No, just a bunch of stuff that has to be made. You think a Dividing head is difficult to find? Try finding "stuff" mostly existing in folk's noggins:D

A link to an authoritative text from 1916

A treatise on milling and milling machines .. : Cincinnati Milling Machine Company : Free Download, Borrow, and Streaming : Internet Archive

Page 317 shows FREE hobbing of a worm wheel. Blank is accurately "gashed" before hand (on page 316). The finishing set up allows the worm wheel to FREE WHEEL - where it is DRIVEN by the real hob. No table movement at all, not applicable to other than worm wheels. Knee is raised to effect the cutting. This process was not applied to high accuracy worm wheels.
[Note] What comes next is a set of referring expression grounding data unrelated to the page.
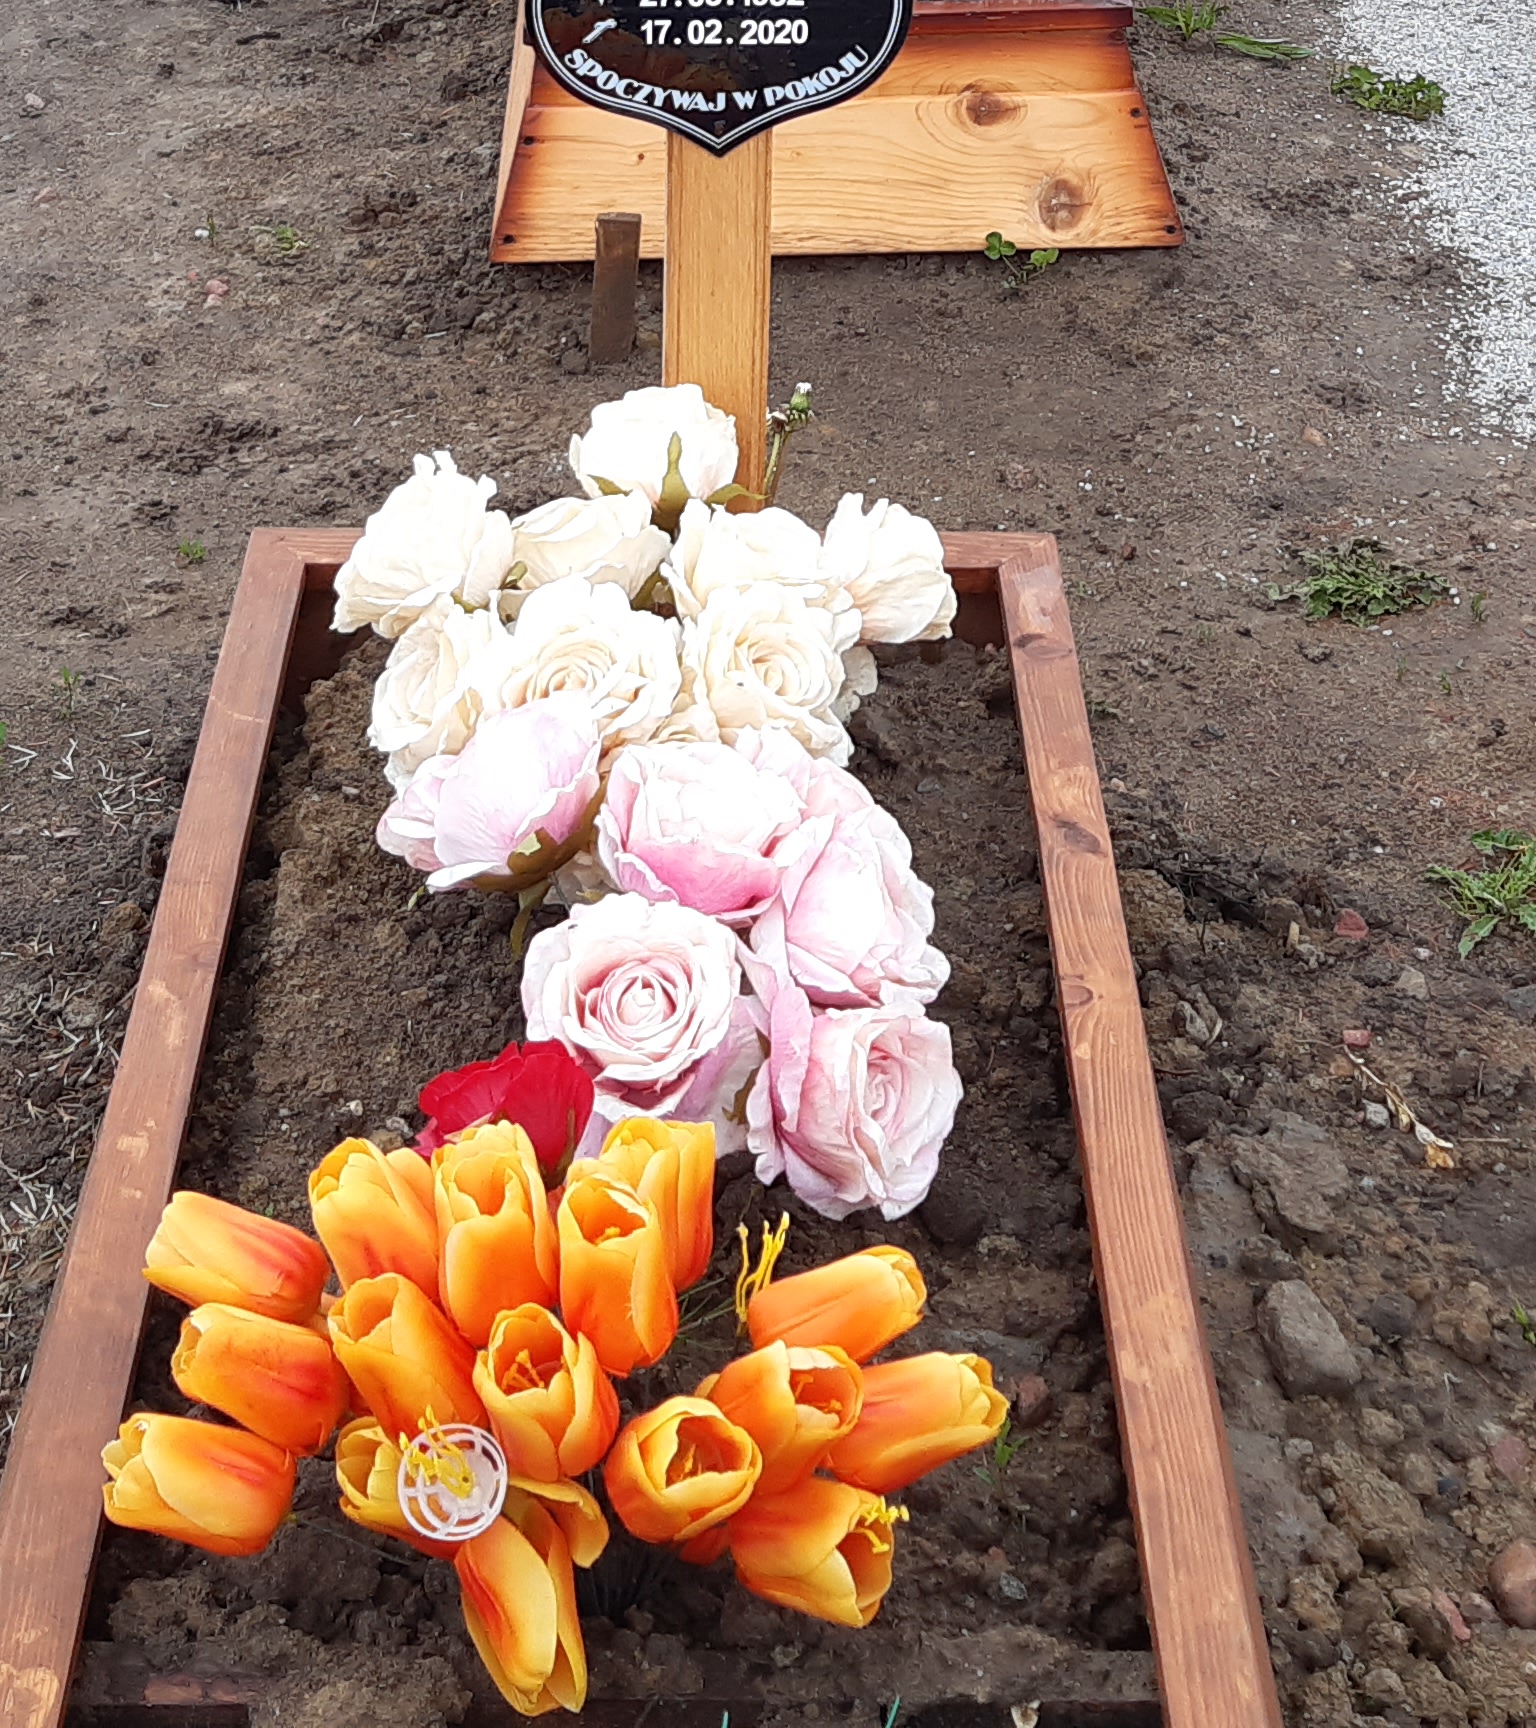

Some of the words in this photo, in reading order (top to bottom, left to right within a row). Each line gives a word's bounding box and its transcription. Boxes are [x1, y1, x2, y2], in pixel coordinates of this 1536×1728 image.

[640, 19, 809, 45] 17.02.2020
[564, 48, 726, 112] SPOCZYWAJ
[732, 90, 757, 110] W
[764, 44, 869, 107] POKOJU
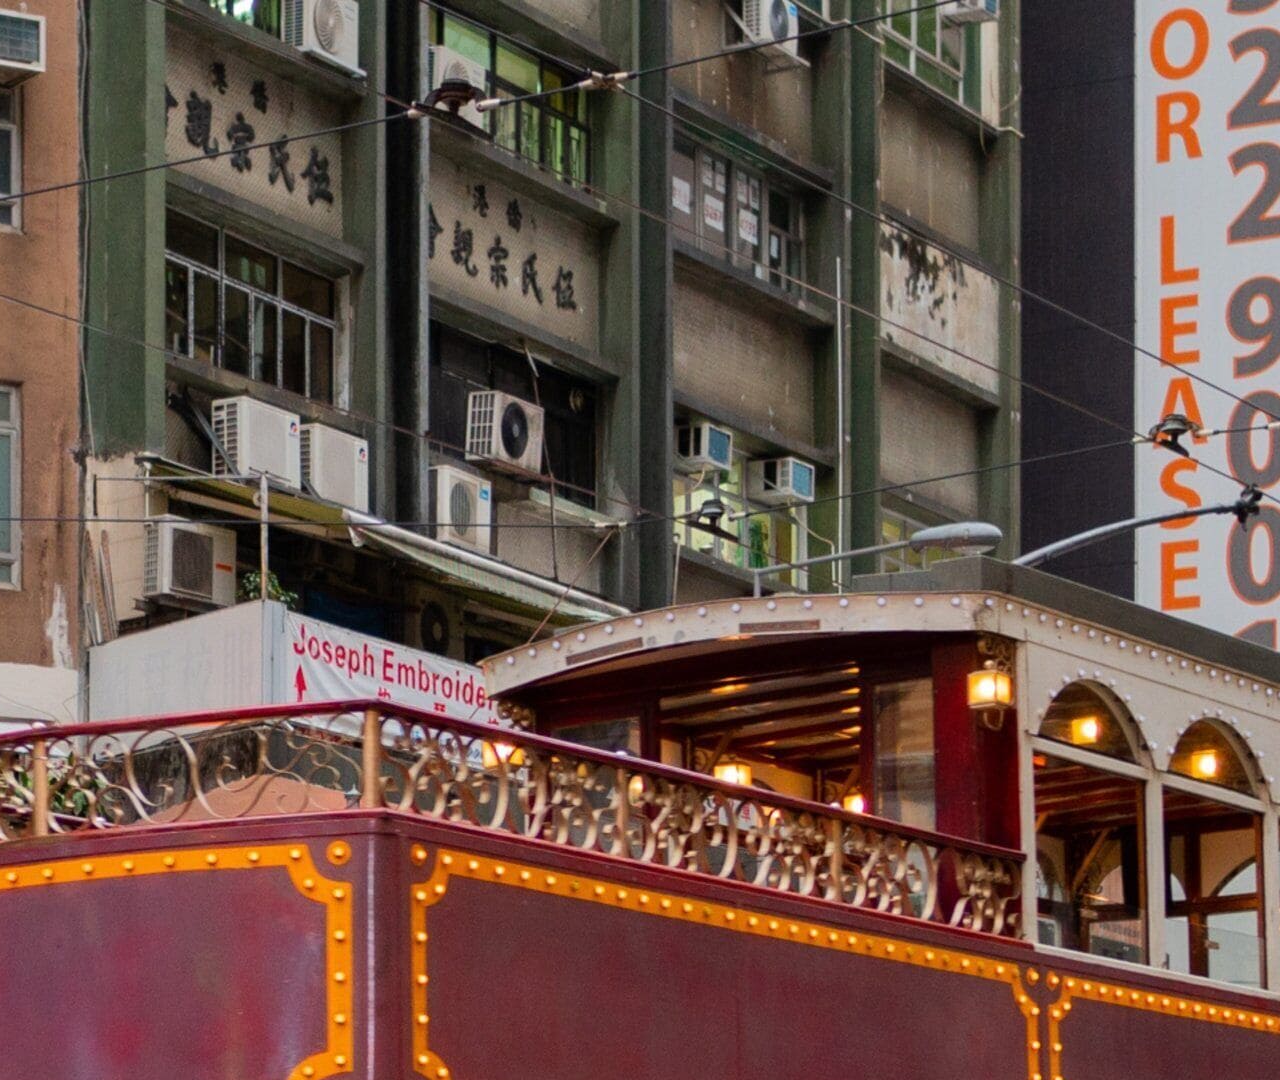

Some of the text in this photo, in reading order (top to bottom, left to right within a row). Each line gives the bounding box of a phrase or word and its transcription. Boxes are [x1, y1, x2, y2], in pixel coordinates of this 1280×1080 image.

[165, 86, 335, 207] 伍氏宗親
[1152, 215, 1208, 611] LEASE
[293, 623, 376, 679] Joseph
Yes, the Cincinnati treatise was the first reference I found to self-feeding of the gear by the hob.
Hobb worm.jpg
Obviously table feed will be required for spur and helical gears, but it seems that the hob would still self-feed?
 
speaking of table feed, after repeated lube and reassembly the seized actuating rods for feed are working, but only 16 of the 18 feed combinations are happy.
There are three selections in back, and they all work. The six in front work on speeds one and two in back. However speeds 5 and 6 in front do not like the third speed in back. So feeds 17 and 18 run for a few seconds and then the front selector lever pops out of position violently. I do not want to test it again for fear of breaking something.
Any ideas?
 
Yes, the Cincinnati treatise was the first reference I found to self-feeding of the gear by the hob.
View attachment 278164
Obviously table feed will be required for spur and helical gears, but it seems that the hob would still self-feed?

You could gash a crude spur gear (you could even try to cut the teeth out on a bandsaw, as close as you can to manually scribed lines) and then use the hob to drive it but you would end up with a wobble. there is nothing to guarantee it would turn into a mostly straight spur gear or a helical gear with a slight twist.
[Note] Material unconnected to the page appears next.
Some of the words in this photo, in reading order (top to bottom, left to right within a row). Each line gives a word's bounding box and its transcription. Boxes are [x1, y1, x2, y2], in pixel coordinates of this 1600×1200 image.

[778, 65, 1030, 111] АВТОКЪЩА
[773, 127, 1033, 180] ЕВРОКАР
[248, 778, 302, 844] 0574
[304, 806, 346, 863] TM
Think about the torque applied to the gashed crude spur gear by the hob.. and then ask the question: is the torque is going to stay the same across the full width of the gear, or did your gashed teeth have a bit of a taper to them? There is no guarantee you're going to get a spur gear, no guarantee a second gear cut is going to have the same helix angle.

also the hob is only going to average out the gear tooth profile across 2 or 3 teeth. even if you have a 100+ teeth the amount of contact that the hob has with the 4 or 5th tooth is so small that it can't provide much correctional force to correct the profile of a tooth that is really out of position.
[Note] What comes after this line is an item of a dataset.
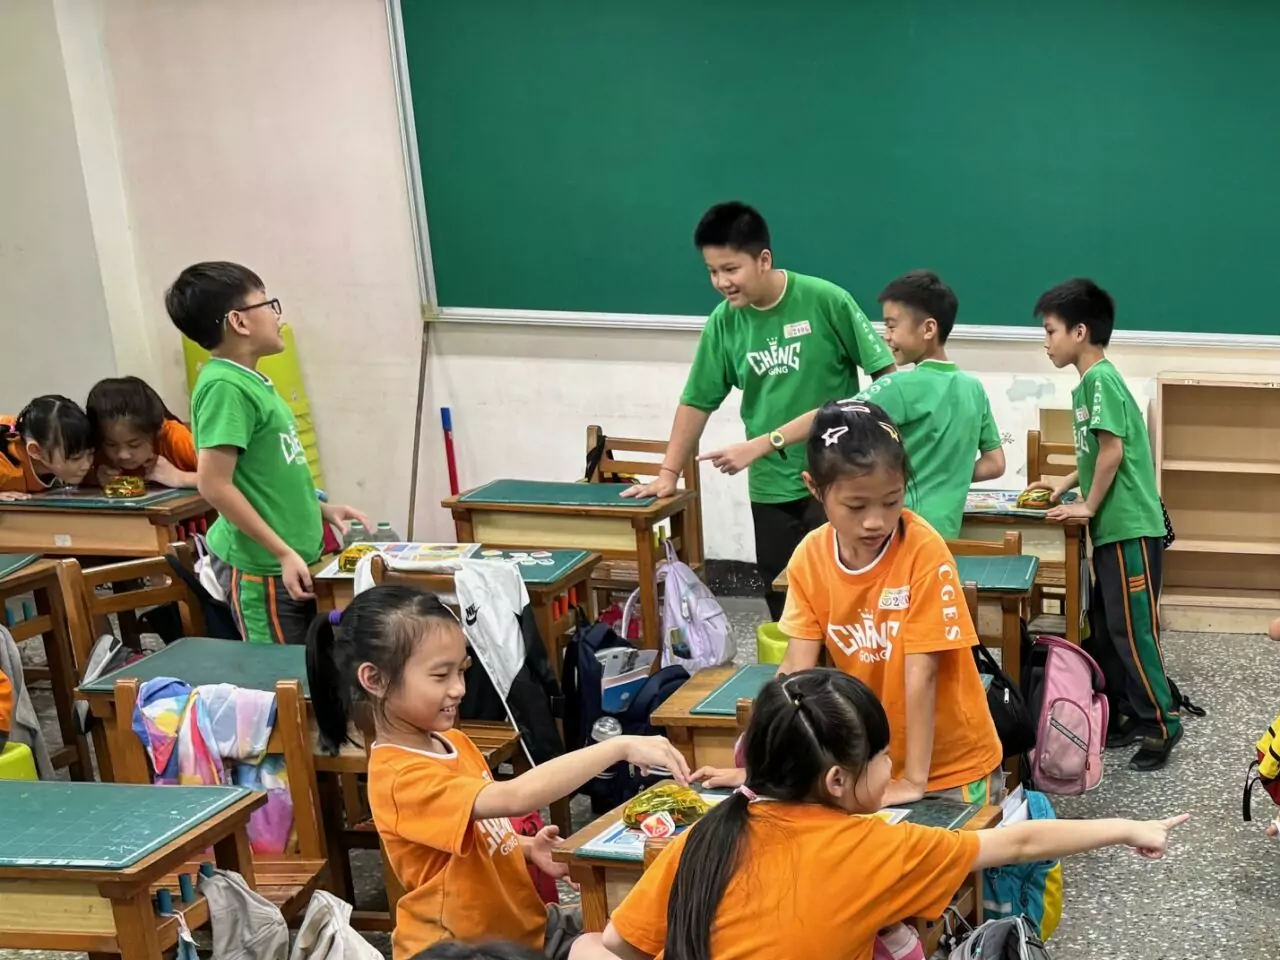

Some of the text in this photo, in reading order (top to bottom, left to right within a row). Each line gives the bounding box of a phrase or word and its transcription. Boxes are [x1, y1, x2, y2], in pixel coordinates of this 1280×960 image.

[746, 342, 801, 376] CHENG
[767, 365, 789, 376] GONG
[938, 563, 962, 641] CGES
its worth an experiment though, on a hob you don't really care about.


this type of gear tooth generation would be appropriate for a gear set where all the teeth are made the same way.. then you make them all work together by running them in a sandbox until they mesh correctly.

there is a video on youtube of making manual transmissions from the 1920's where they take the gears and "run them in" with an abrasive slurry.
edit: found it.
YouTube

R. G. LeTourneau discovered he could flame cut gears and run them in a sandbox until they mesh correctly, but he was dealing with very large gears for earthmoving equipment.
 
This is not hobbing. There are no "single tooth" hobs in the sense you are using it. This is just cutting spaces with a form cutter.

When the old documents refer to "single tooth" I believe they are referring to "single pitch" in current terminology. Of course using a multiple pitch (or multiple tooth) tool changes the ratio of rotation of tool to work.
download.jpg
 
When the old documents refer to "single tooth" I believe they are referring to "single pitch" in current terminology.
No. The words you are using are confusing me. They are wrong. Those are single start, double start, triple start hobs and always have been. There is no such thing as a "single tooth" or "single pitch" hob.

Hobs MUST rotate the work in a timed relationship with the cutter.

You can't hob anything without a physical connection between the cutter and the workpiece. The freewheeling method described which people have used for worms is

1) not very good
2) requires pre-cutting of the teeth.

You cannot do this with a spur or helical gear. Will not work. Period.